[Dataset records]

#####

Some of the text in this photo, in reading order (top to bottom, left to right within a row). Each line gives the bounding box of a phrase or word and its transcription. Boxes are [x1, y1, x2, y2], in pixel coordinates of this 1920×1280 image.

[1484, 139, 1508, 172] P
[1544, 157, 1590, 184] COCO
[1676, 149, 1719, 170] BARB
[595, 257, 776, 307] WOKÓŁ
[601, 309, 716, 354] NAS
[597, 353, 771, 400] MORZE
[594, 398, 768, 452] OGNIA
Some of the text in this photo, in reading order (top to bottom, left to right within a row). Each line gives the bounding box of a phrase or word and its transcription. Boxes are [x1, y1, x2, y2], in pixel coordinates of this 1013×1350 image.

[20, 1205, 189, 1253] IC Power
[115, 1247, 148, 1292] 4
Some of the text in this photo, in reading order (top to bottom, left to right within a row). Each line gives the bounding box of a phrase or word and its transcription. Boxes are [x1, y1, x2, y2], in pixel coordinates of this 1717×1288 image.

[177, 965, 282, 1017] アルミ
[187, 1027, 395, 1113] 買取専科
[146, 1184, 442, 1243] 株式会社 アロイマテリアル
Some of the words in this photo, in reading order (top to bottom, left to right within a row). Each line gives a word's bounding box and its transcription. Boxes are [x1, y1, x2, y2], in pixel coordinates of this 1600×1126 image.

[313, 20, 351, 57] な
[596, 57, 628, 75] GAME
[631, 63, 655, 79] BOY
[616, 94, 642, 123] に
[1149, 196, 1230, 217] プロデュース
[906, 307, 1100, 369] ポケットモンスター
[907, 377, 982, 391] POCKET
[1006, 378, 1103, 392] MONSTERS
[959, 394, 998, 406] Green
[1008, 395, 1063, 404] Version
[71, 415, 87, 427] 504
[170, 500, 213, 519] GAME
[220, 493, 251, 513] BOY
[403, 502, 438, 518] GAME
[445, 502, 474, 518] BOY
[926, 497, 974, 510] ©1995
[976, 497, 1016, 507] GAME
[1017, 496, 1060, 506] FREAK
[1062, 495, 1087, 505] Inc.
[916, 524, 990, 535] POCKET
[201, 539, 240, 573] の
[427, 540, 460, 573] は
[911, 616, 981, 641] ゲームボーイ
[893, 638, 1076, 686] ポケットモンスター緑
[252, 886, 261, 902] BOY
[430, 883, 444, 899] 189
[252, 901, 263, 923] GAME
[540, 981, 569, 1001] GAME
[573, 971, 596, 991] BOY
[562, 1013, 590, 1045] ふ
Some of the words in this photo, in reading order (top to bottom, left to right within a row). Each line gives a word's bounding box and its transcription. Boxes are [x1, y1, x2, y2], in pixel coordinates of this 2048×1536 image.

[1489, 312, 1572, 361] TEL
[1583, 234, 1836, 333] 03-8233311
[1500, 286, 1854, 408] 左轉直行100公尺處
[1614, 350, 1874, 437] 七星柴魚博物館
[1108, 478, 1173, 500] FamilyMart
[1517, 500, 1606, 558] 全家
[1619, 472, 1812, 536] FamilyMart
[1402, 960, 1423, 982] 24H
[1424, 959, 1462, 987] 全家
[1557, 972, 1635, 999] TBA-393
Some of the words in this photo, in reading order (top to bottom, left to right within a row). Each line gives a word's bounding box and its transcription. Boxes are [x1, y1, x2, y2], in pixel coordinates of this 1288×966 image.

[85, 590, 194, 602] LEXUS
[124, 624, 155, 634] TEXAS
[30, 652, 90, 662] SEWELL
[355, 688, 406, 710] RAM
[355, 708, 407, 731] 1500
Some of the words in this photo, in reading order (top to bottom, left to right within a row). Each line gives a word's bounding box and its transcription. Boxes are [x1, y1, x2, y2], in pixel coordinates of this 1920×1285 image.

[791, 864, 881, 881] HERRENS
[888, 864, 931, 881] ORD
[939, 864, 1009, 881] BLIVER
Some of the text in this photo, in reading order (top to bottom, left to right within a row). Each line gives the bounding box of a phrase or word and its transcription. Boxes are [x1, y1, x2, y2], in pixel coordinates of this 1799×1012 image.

#####

What you will do: Repeat the entries word for word. Skip none of them.

Response below:
Some of the text in this photo, in reading order (top to bottom, left to right within a row). Each line gives the bounding box of a phrase or word and its transcription. Boxes are [x1, y1, x2, y2], in pixel coordinates of this 1920×1280 image.

[1484, 139, 1508, 172] P
[1544, 157, 1590, 184] COCO
[1676, 149, 1719, 170] BARB
[595, 257, 776, 307] WOKÓŁ
[601, 309, 716, 354] NAS
[597, 353, 771, 400] MORZE
[594, 398, 768, 452] OGNIA
Some of the text in this photo, in reading order (top to bottom, left to right within a row). Each line gives the bounding box of a phrase or word and its transcription. Boxes are [x1, y1, x2, y2], in pixel coordinates of this 1013×1350 image.

[20, 1205, 189, 1253] IC Power
[115, 1247, 148, 1292] 4
Some of the text in this photo, in reading order (top to bottom, left to right within a row). Each line gives the bounding box of a phrase or word and its transcription. Boxes are [x1, y1, x2, y2], in pixel coordinates of this 1717×1288 image.

[177, 965, 282, 1017] アルミ
[187, 1027, 395, 1113] 買取専科
[146, 1184, 442, 1243] 株式会社 アロイマテリアル
Some of the words in this photo, in reading order (top to bottom, left to right within a row). Each line gives a word's bounding box and its transcription. Boxes are [x1, y1, x2, y2], in pixel coordinates of this 1600×1126 image.

[313, 20, 351, 57] な
[596, 57, 628, 75] GAME
[631, 63, 655, 79] BOY
[616, 94, 642, 123] に
[1149, 196, 1230, 217] プロデュース
[906, 307, 1100, 369] ポケットモンスター
[907, 377, 982, 391] POCKET
[1006, 378, 1103, 392] MONSTERS
[959, 394, 998, 406] Green
[1008, 395, 1063, 404] Version
[71, 415, 87, 427] 504
[170, 500, 213, 519] GAME
[220, 493, 251, 513] BOY
[403, 502, 438, 518] GAME
[445, 502, 474, 518] BOY
[926, 497, 974, 510] ©1995
[976, 497, 1016, 507] GAME
[1017, 496, 1060, 506] FREAK
[1062, 495, 1087, 505] Inc.
[916, 524, 990, 535] POCKET
[201, 539, 240, 573] の
[427, 540, 460, 573] は
[911, 616, 981, 641] ゲームボーイ
[893, 638, 1076, 686] ポケットモンスター緑
[252, 886, 261, 902] BOY
[430, 883, 444, 899] 189
[252, 901, 263, 923] GAME
[540, 981, 569, 1001] GAME
[573, 971, 596, 991] BOY
[562, 1013, 590, 1045] ふ
Some of the words in this photo, in reading order (top to bottom, left to right within a row). Each line gives a word's bounding box and its transcription. Boxes are [x1, y1, x2, y2], in pixel coordinates of this 2048×1536 image.

[1489, 312, 1572, 361] TEL
[1583, 234, 1836, 333] 03-8233311
[1500, 286, 1854, 408] 左轉直行100公尺處
[1614, 350, 1874, 437] 七星柴魚博物館
[1108, 478, 1173, 500] FamilyMart
[1517, 500, 1606, 558] 全家
[1619, 472, 1812, 536] FamilyMart
[1402, 960, 1423, 982] 24H
[1424, 959, 1462, 987] 全家
[1557, 972, 1635, 999] TBA-393
Some of the words in this photo, in reading order (top to bottom, left to right within a row). Each line gives a word's bounding box and its transcription. Boxes are [x1, y1, x2, y2], in pixel coordinates of this 1288×966 image.

[85, 590, 194, 602] LEXUS
[124, 624, 155, 634] TEXAS
[30, 652, 90, 662] SEWELL
[355, 688, 406, 710] RAM
[355, 708, 407, 731] 1500
Some of the words in this photo, in reading order (top to bottom, left to right within a row). Each line gives a word's bounding box and its transcription. Boxes are [x1, y1, x2, y2], in pixel coordinates of this 1920×1285 image.

[791, 864, 881, 881] HERRENS
[888, 864, 931, 881] ORD
[939, 864, 1009, 881] BLIVER
Some of the text in this photo, in reading order (top to bottom, left to right within a row). Each line gives the bounding box of a phrase or word and its transcription. Boxes are [x1, y1, x2, y2], in pixel coordinates of this 1799×1012 image.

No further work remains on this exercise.